I love making these great rolls for a quick breakfast/snack during the week.
- 2 cups Bisquick (it’s vegan!)
- 2 cups vanilla almond milk
- 1 Tablespoon custard powder
- 4 Tablespoons raw honey
- 15 oz. can of pumpkin puree (not pie filling)
- Safflower or Grapeseed Oil
- Cream cheese
- Incorporate all ingredients except oil and cream cheese into a large bowl using a whisk or mixer.
- Add a small amount of oil to a pan over medium heat.
- Pour the desired size of pancake into pan and cook thoroughly on both sides.
- Allow pancakes to cool completely and separately (I use parchment paper between pancakes while they are cooling so they don’t stick).
- Once cooled, add a layer of cream cheese to the pancake.
- Roll pancake cream cheese side in.
- Wrap roll with parchment paper or Press-n-Seal (I actually use both as I already have the parchment there and the Press-n-Seal keeps it for several days with no problems).
- Put in fridge and eat whenever!
Because I’ve had people tell me they worry about eggs not being thoroughly cooked, I do have a scrambled egg version and it’s less messy than the previous. =)
- Croissant triangle dough (prepackaged or handmade)
- Scrambled eggs
- Cheddar cheese
- Options: salsa, bacon or sausage
- Lay the dough out to fill the bottom of your muffin pan.
- Fill the dough with the scrambled eggs and any options you’ve chosen.
- Top the eggs with cheddar cheese (or any hard cheese of your liking).
- Wrap the “wings” of the triangle around the top of the egg mixture to encase it in the dough.
- Bake at 350 degrees F until a light golden brown (about 15 minutes).
This is my take on yesterday’s traditional Eggs in a Basket. These are perfect to keep in the fridge during the week and pop in the microwave for a 15-30 seconds for a quick breakfast on the go.

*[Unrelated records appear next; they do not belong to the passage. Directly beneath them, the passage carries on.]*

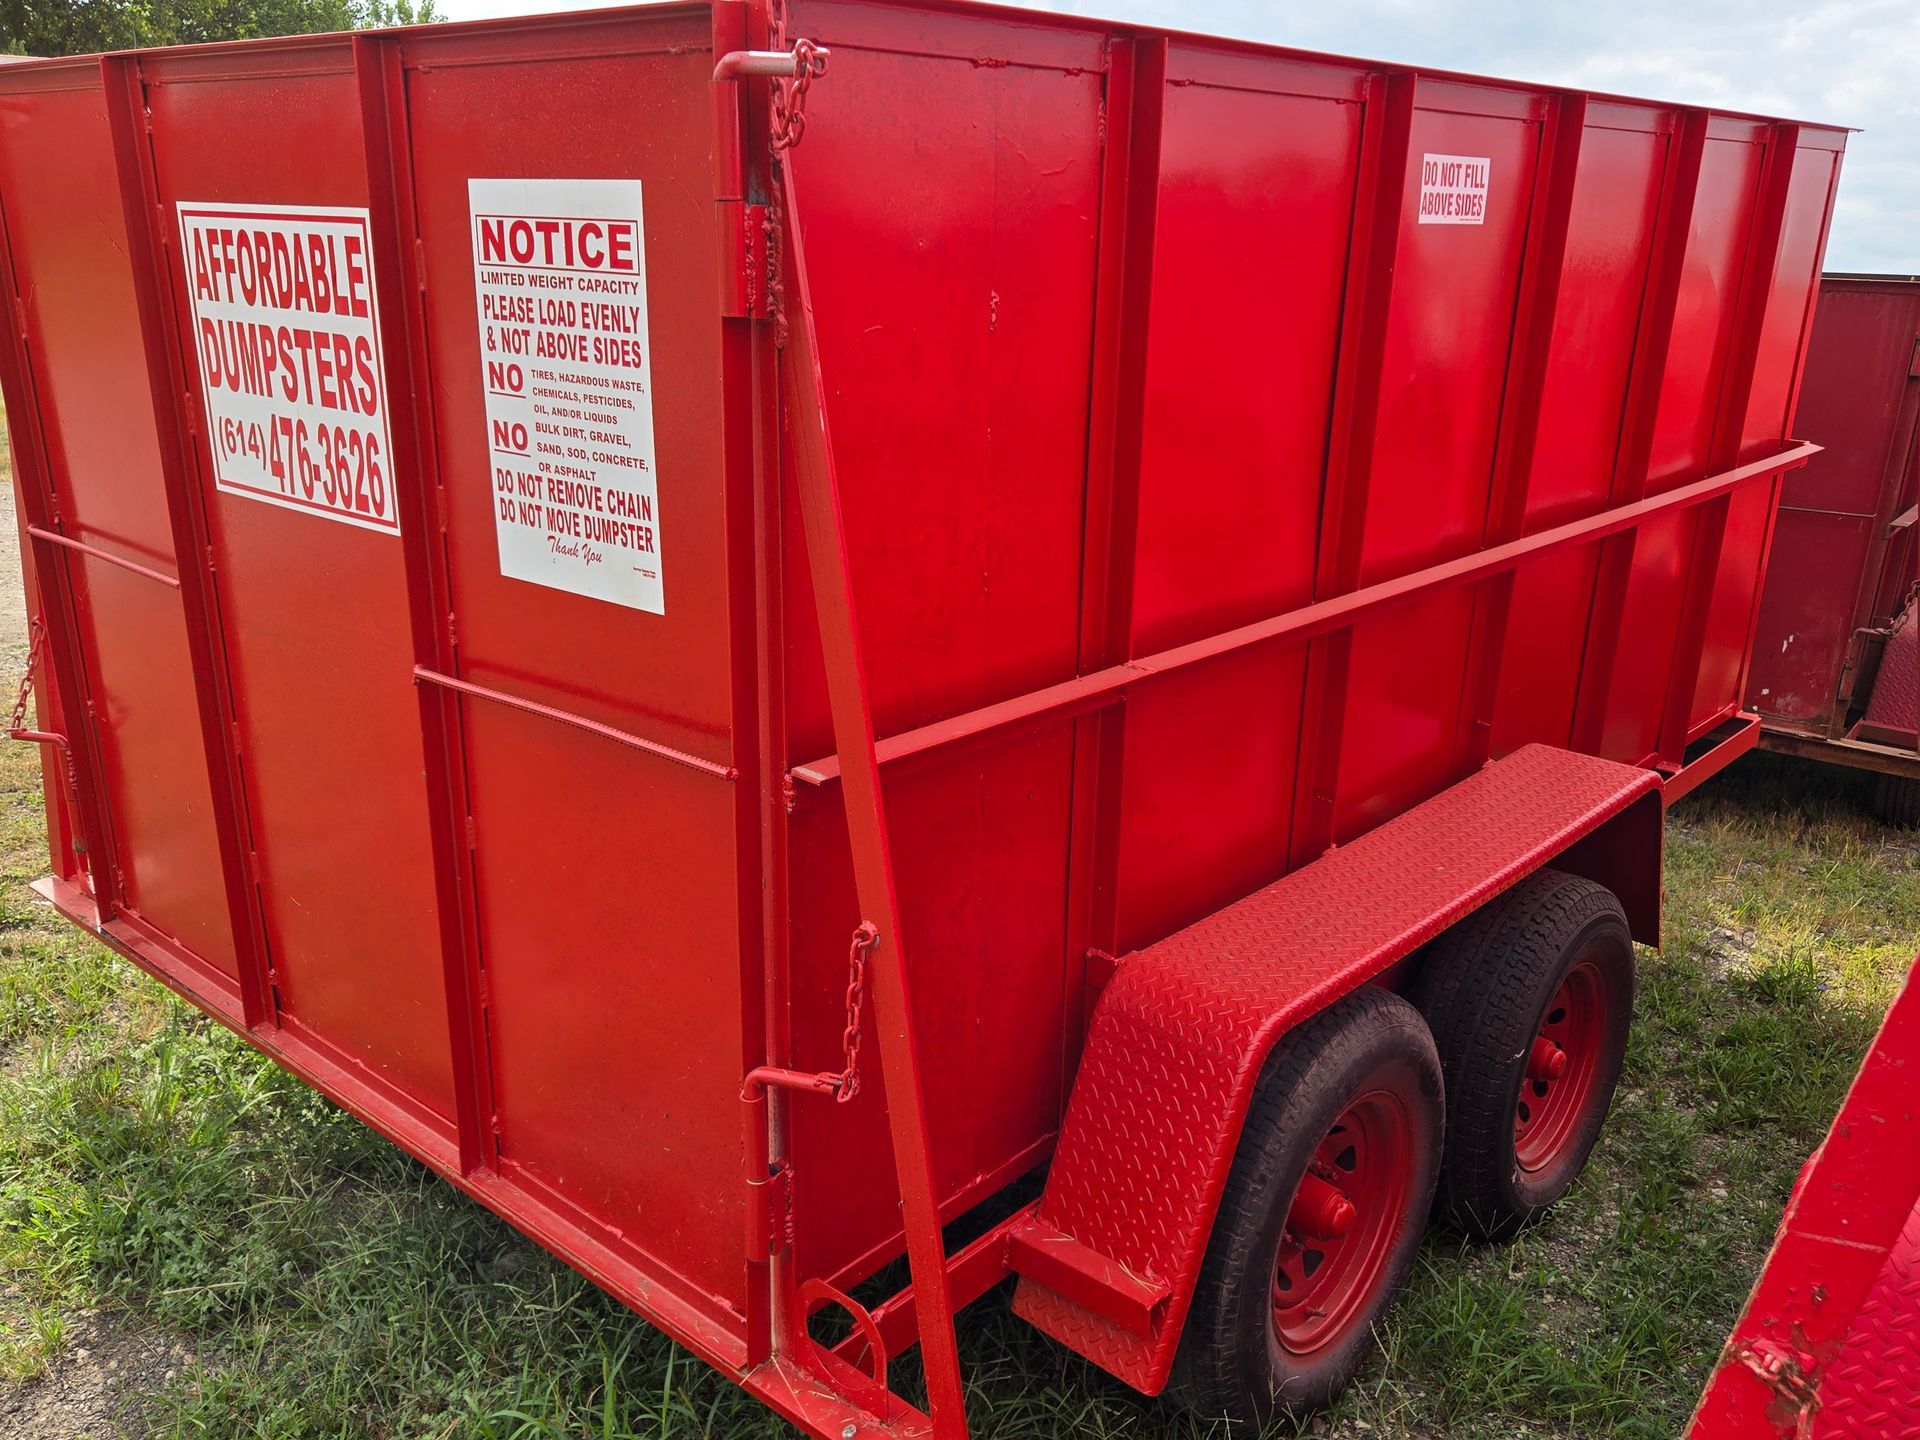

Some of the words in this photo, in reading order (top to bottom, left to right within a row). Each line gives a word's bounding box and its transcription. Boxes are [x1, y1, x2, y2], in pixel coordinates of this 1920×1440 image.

[1424, 161, 1438, 187] DO
[1440, 162, 1462, 188] NOT
[1464, 164, 1485, 188] FILL
[1421, 192, 1453, 216] ABOVE
[1455, 193, 1483, 217] SIDES
[480, 219, 634, 270] NOTICE
[193, 227, 369, 319] AFFORDABLE
[481, 271, 525, 287] LIMITED
[528, 274, 574, 290] WEIGHT
[578, 278, 639, 295] CAPACITY
[483, 294, 535, 324] PLEASE
[538, 298, 577, 328] LOAD
[581, 302, 640, 334] EVENLY
[486, 325, 497, 352] &
[500, 327, 531, 355] NOT
[536, 331, 589, 362] ABOVE
[593, 336, 642, 369] SIDES
[200, 316, 378, 417] DUMPSTERS
[488, 361, 524, 392] NO
[531, 369, 557, 383] TIRES,
[559, 373, 610, 388] HAZARDOUS
[611, 379, 645, 394] WASTE,
[532, 387, 581, 404] CHEMICALS,
[583, 394, 636, 411] PESTICIDES,
[534, 404, 550, 416] OIL,
[551, 407, 582, 420] AND/OR
[584, 411, 618, 425] LIQUIDS
[493, 419, 529, 451] NO
[535, 422, 561, 436] BULK
[563, 426, 587, 442] DIRT,
[589, 430, 632, 449] GRAVEL,
[536, 442, 565, 458] SAND,
[567, 447, 590, 463] SOD,
[592, 452, 649, 473] CONCRETE,
[538, 462, 551, 473] OR
[554, 465, 597, 482] ASPHALT
[496, 467, 514, 494] DO
[517, 471, 543, 500] NOT
[547, 477, 604, 513] REMOVE
[607, 488, 652, 522] CHAIN
[500, 497, 516, 523] DO
[519, 502, 543, 529] NOT
[546, 507, 581, 538] MOVE
[583, 514, 655, 553] DUMPSTER
[547, 535, 580, 558] Thank
[581, 543, 603, 566] You

- Croissant triangles (prepackaged or handmade)
- Use the croissant triangles to line the bottom of a muffin pan (one triangle per indentation).
- Break an egg into the indentations (make sure dough keeps the egg from touching the pan).
- Top egg with cheese.
- Wrap sides of triangles over the top of the egg/cheese to seal.
- Bake in the oven at 350F until light golden brown (about 15 minutes).
This is the most basic recipe that I’m asked about often.
- In a frying pan, add about a tablespoon of butter or enough to coat the bottom of the pan.
- Take a shot glass, measuring cup or any small diameter cup that you can use to remove a circle from the middle of the bread.
- Add the bread (with a hole in it) to the butter.
- Lightly brown on one side, add a bit more butter and flip to brown slightly on the opposite side.
- Crack open an egg and drop it into the hole in the bread.
- Allow the bread/egg to cook to your liking. You can also flip the bread/egg to cook the yolk more thoroughly if you wish. I also toast the cut out centers.